Dear Mary, that’s very sad. No this is not just fine, although you might be feeling healthy enough right now. Your endocrinologist is not informed about new research on TSH-FT3 relationships, FT3:FT4 ratios and FT3 levels. They are still focusing on the TSH and the TSH-FT4 relationship alone, which is an outdated, narrow, partial view of thyroid hormone metabolism. Please Google “FT3:FT4 ratio” and see what is normal for people without thyroid meds and people on T4 monotherapy. Our web pages on this website will come up. You are likely on T4 monotherapy without any thyroid function left, and you’re a “poor converter” With a low FT3, if you become ill or have a severe injury, your FT3 will drop even lower, and the science on low T3 increases risk of death if you become severely ill. How fast will you recover from a low T3 if you are a poor converter without thyroid function? See our post https://thyroidpatients.ca/2018/09/06/how-low-is-your-t3/ to learn how to calculate your FT3:FT4 ratio and what it means for you.

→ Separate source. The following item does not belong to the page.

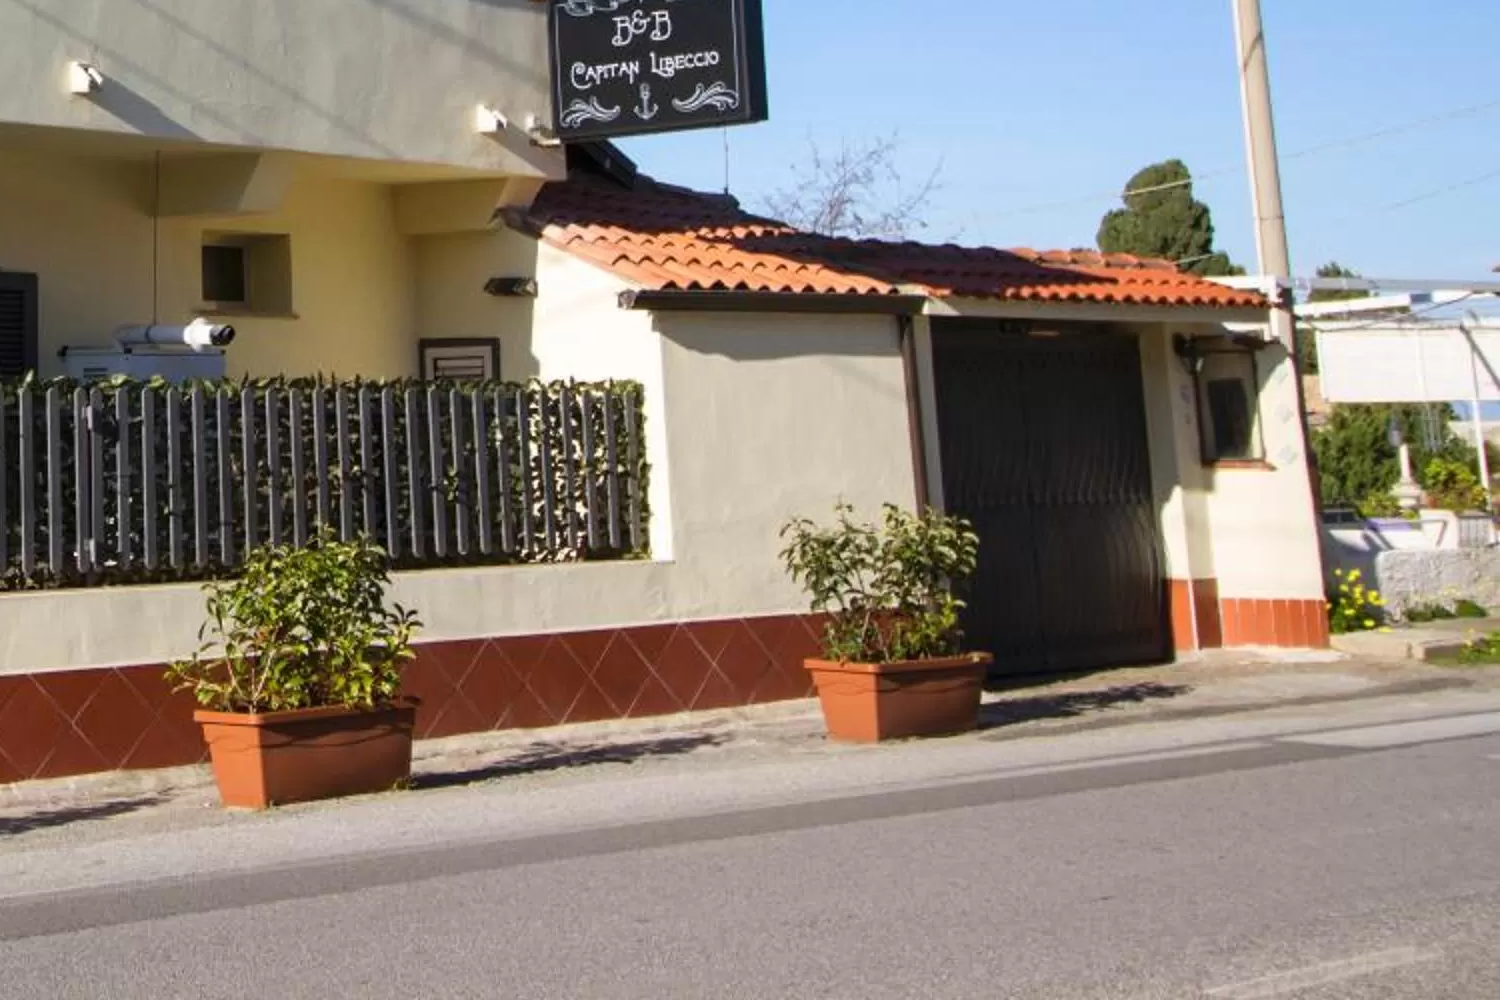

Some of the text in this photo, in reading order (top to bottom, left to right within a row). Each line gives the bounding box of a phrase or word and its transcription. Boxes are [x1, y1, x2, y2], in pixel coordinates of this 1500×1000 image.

[612, 9, 672, 47] B&B
[571, 50, 720, 89] CAPITAN LIBECCIO

This article was wonderful and I hope it reaches many hypothyroid people like me. I had a partial thyroidectomy and was put on T4 meds for 4 years without any relief from my symptoms I actually felt worse on them. I found a wonderful dr. that started me on Cytomel T3 only and within a week I felt like a new person all my hypothyroid symptoms left and all the awful side effects from levothyroxine left. I have a full life again. If this can help just one person out there I will be glad indeed.
Sending blessings
Carol
Thanks for your response, Carol. For the people whose bodies really need T3 alone, it is a godsend.